Delegates ponder language in Nunavut


JIM BELL Nunatsiaq News

IQALUIT – About 60 people from around Nunavut began the process of building a language policy for Nunavut at a gathering this week in Iqaluit.

Organized by the Nunavut Implementation Commission, the conference had entered its second day as Nunatsiaq News went to press this week.

In his opening remarks, NIC chief commissioner John Amagoalik told delegates that no quick decisions will be made at this week’s conference.

“There will be recommendations, lots of them, but as everyone knows it takes quite a while to implement recommendations from a meeting,” Amagoalik, the co-chair of the gathering, told delegates through an interpreter.

Amagoalik said the NIC wants to hold the gathering so that “we can re-focus on the language issue when the Nunavut government comes into being.”

Delegates were to have talked about writing systems, official language law, language and education, challenges faced by youth and elders, and how to make Inuktitut the working language of Nunavut.

In deference to the people of the western Kitikmeot, who call their language “Inuinaqtun,” the NIC and others now use the term “Inuit language” rather than “Inuktitut” to name the tongue that’s spoken by the majority of Nunavut residents. s

After the conference opened on Tuesday morning, Nunavut Tunngavik President Jose Kusugak gave a long talk on the work of the Inuit Language Commission, a group set up by the Inuit Tapirisat of Canada in 1971 to protect and promote the Inuit language.

One of the language commssion’s enduring accomplishments was the creation of the “dual orthography” system for writing Inuktitut. It’s now used by school boards and in the production of modern written materials in Inuktitut.

That system was designed so that all the sounds in the Inuit language could be produced either in syllabics or in a corresponding system of Roman orthography. It’s the syllabic side of that system that’s still used almost universally throughout Nunavik and most of Nunavut to write the Inuit language.

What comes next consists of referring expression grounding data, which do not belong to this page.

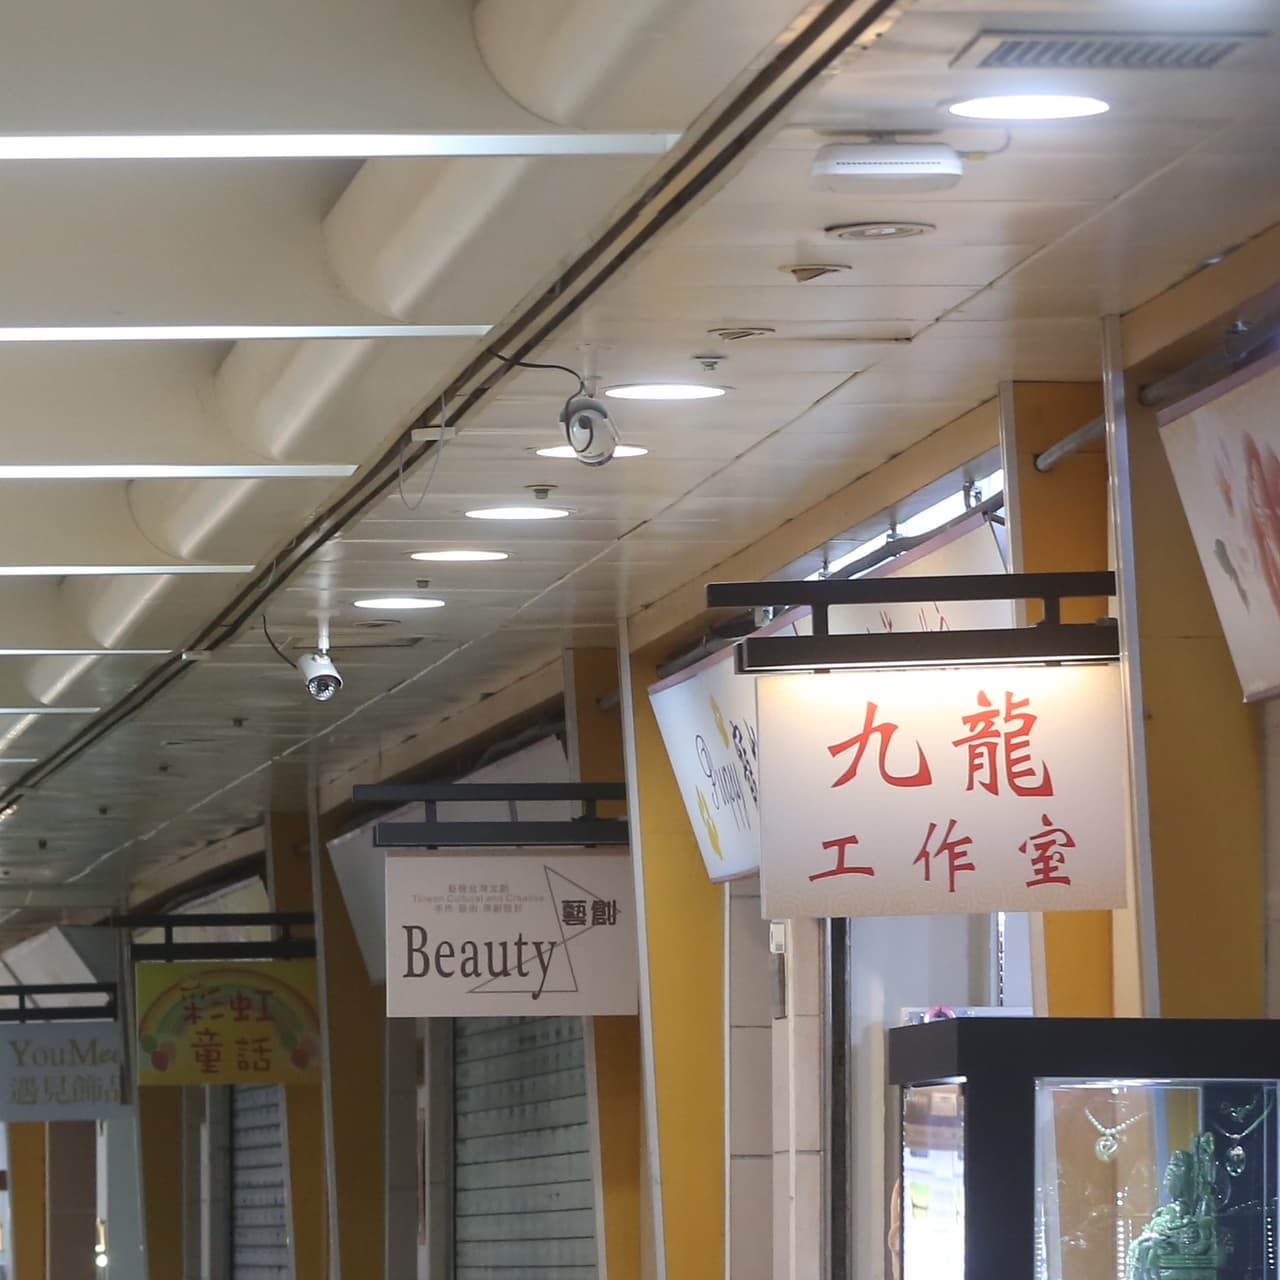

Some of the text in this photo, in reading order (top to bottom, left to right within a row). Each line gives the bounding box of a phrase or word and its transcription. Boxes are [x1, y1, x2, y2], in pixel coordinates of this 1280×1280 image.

[827, 689, 1054, 797] 九龍
[808, 814, 1077, 894] 工作室
[401, 925, 558, 1000] Beauty
[180, 976, 275, 1025] 彩虹
[191, 1026, 273, 1074] 童話

But creating that writing system wasn’t an easy job. Kusugak, who chaired the Inuit Language Commission, described the difficult issues that the commission had to deal with at the time.

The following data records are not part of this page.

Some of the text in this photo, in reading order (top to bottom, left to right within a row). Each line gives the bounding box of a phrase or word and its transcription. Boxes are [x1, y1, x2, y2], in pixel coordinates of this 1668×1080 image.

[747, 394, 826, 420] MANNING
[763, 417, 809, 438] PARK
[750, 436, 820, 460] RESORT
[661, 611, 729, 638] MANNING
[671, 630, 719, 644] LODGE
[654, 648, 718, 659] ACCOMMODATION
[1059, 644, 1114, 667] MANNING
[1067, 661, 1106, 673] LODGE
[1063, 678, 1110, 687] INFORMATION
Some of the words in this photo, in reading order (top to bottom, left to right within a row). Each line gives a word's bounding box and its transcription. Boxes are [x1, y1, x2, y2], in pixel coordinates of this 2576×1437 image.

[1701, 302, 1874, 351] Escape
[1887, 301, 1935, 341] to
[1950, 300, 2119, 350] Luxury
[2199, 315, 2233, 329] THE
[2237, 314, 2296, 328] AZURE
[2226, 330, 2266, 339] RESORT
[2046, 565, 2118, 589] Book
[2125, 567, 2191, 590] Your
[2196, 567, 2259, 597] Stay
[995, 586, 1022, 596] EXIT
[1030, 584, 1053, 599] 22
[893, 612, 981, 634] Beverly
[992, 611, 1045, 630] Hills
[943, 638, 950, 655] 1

“It was clear that was not going to be easy to reform the writing system,” Kusugak said.

He said many elders at the time were closely attached to an older syllabic system introduced by Anglican missionaries. Others were loyal to an orthographic system used by Roman Catholic priests.

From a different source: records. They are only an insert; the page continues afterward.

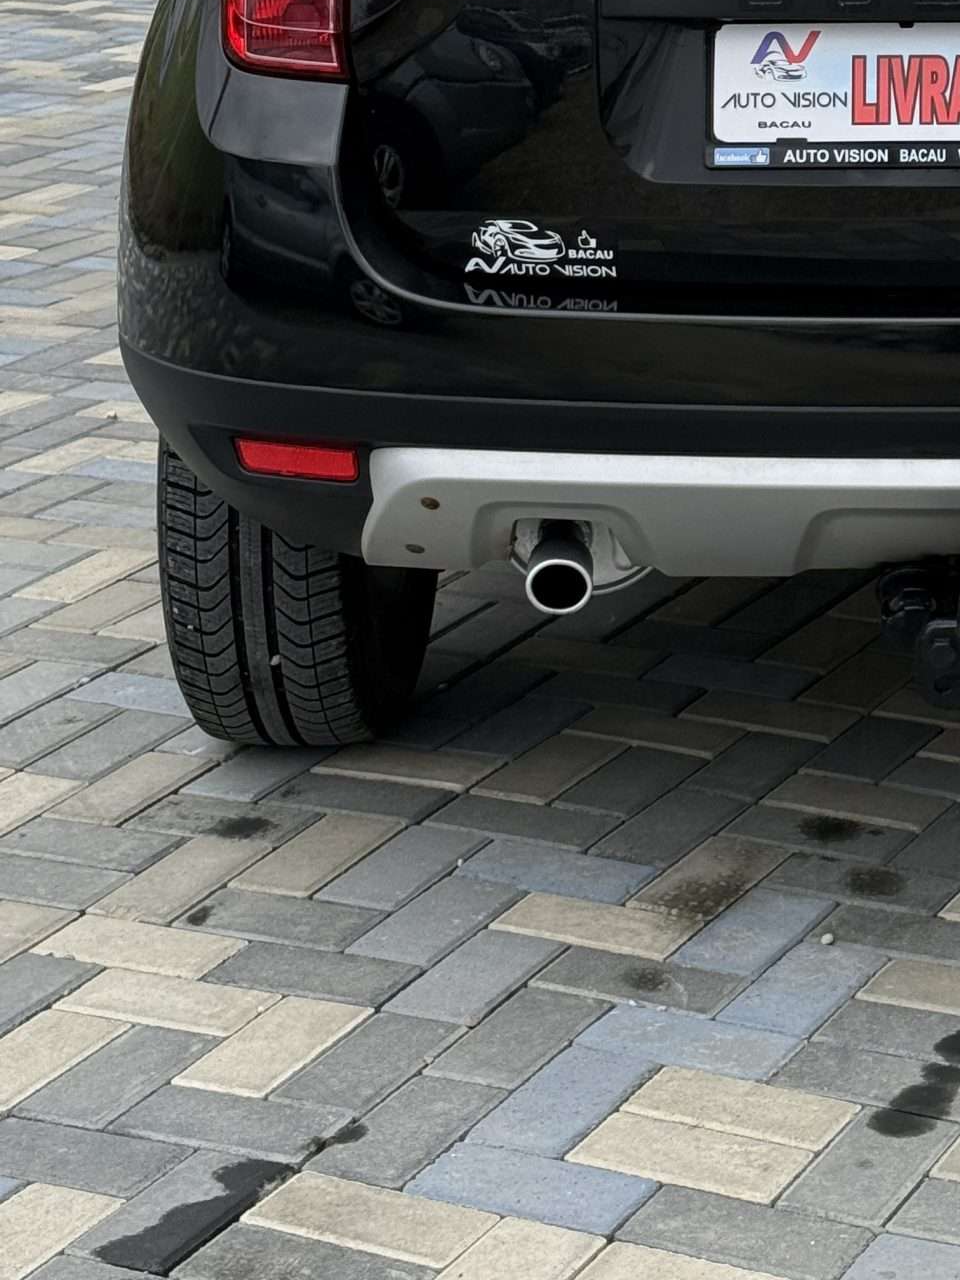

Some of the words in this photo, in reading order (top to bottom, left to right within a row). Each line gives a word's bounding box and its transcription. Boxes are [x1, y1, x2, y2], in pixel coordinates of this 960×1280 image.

[721, 92, 776, 109] AUTO
[781, 91, 848, 108] VISION
[758, 121, 812, 129] BACAU
[783, 149, 830, 163] AUTO
[833, 149, 889, 163] VISION
[899, 149, 947, 163] BACAU
[568, 249, 614, 260] BACAU
[500, 263, 550, 276] AUTO
[553, 263, 617, 277] VISION

“I had to talk to the Anglican and Roman Catholic bishops to get them to talk to their flocks about it,” Kusugak told delegates.

In 1976, the dual or “new” orthography was adopted at a meeting in Iqaluit.

It was quickly adopted by school boards, and soon became the preferred method for writing Inuktitut. A typing element for IBM Selectric typerwriters was developed for the new syllabic system, and in the mid-1980s, fonts for use on Macintosh computers.

Kusugak said, though, that the work of developing Inuktitut isn’t finished.

“The process of language development never ends,” Kusugak said.

He said the gradual shift in dialects from west to east is evidence of the relationship that Inuit have had with the land for the past 4,000 years, but that Inuit may now need a common dialect for the purposes of inter-regional communication.

“We need to look at a common dialect and a common writing system to communicate effectively,” Kusugak said.

He pointed out at the English language has many dialects, but only one writing system.

Some delegates at the conference have been making submissions about possible reforms to the writing systems now used for the Inuit language.